Prof Gorman began by the meeting by stating that the application that were made in 2010 for Chinese Medicine to be included under the HPCA Act were still “live” and that the Ministry is now moving to the next step toward registration. He stated that “You will be regulated – there is no going back.” An expert panel appointed by the Ministry has agreed that our profession meets the requirements to be included under the Act and public submissions that were called for are being assessed.

He went on to say that the first step needs to be identifying which of the existing Responsible Authorities (RAs) would be willing to accommodate Chinese Medicine and become a combined RA. There are currently 16 RAs and the Minister of Health has stated that there will be no more new ones. Both Ruth Anderson and Des Gorman further explained what was required of the arrangement and that it is still the aim of the Ministry to have an over-arching authority in charge of governance of all the different RAs but that is still some distance in the future.

The Ministry is starting to progress the recommendations which were made following the review of the Act in 2012 and it is expected that the changes will go to parliament early in the new year.

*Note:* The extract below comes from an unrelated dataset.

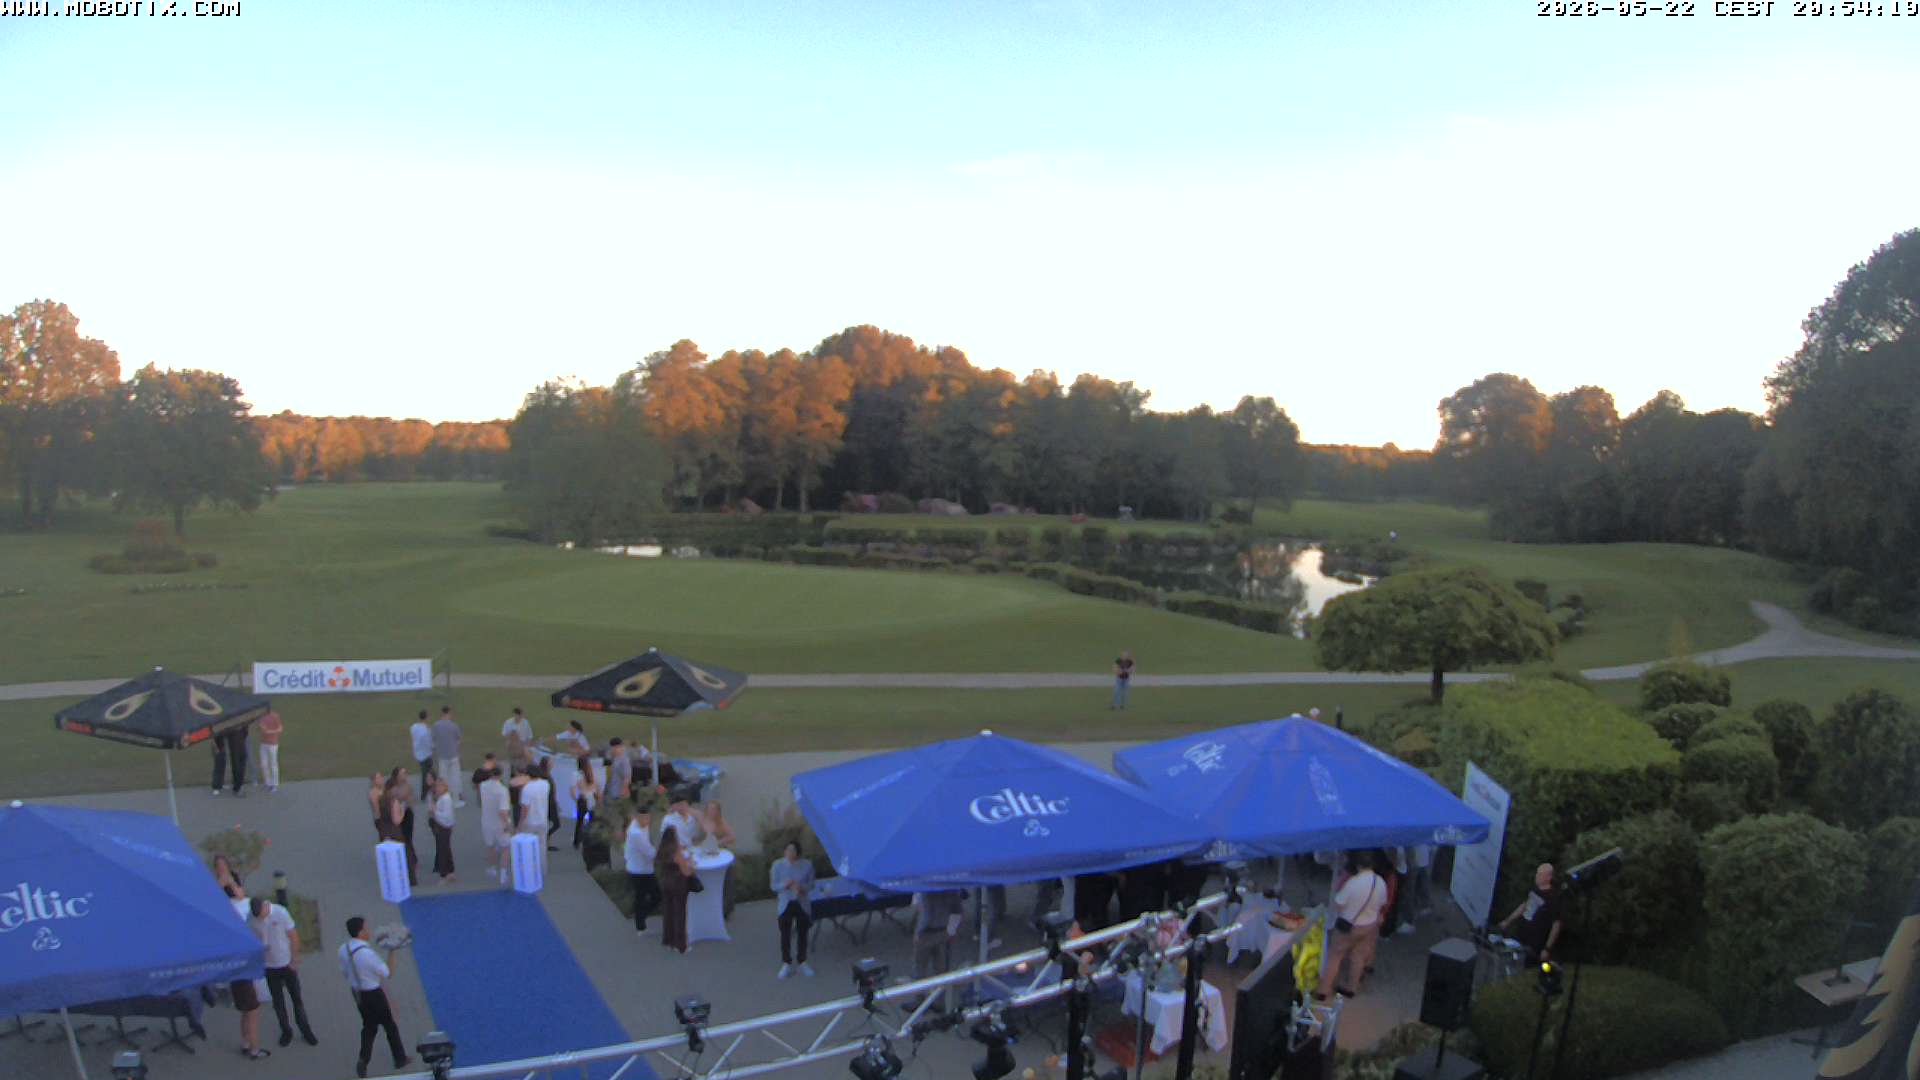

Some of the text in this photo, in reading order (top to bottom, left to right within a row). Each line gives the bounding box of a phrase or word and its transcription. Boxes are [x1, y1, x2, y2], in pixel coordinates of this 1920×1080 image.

It is expected that the move to include Chinese Medicine under the Act will progress in parallel with the implementation of the recommendations to the Act.

They outlined some of the responsibilities of the RAs, including that the RA would then assume a role in the assessing of educational programmes and determining the appropriate level of education required to become a member of the new RA. Once the RA is established,  practitioners will be subjected to the same level of information gathering regarding treatments administered, scopes of practice, public scrutiny and disciplinary actions as the other professions.  On the positive side there will also be greater and easier access to IT based 'information sharing' re patients and thus the profession will be more integrated into the primary health care system.

Professor Gorman repeated that regulation of the profession would definitely be going ahead and that it is now a matter of when rather than if. The next step is to decide on qualifications and competencies for the profession. He informed the meeting that the Minister has clearly expressed his intention to take the process forward and that we should proceed with some haste.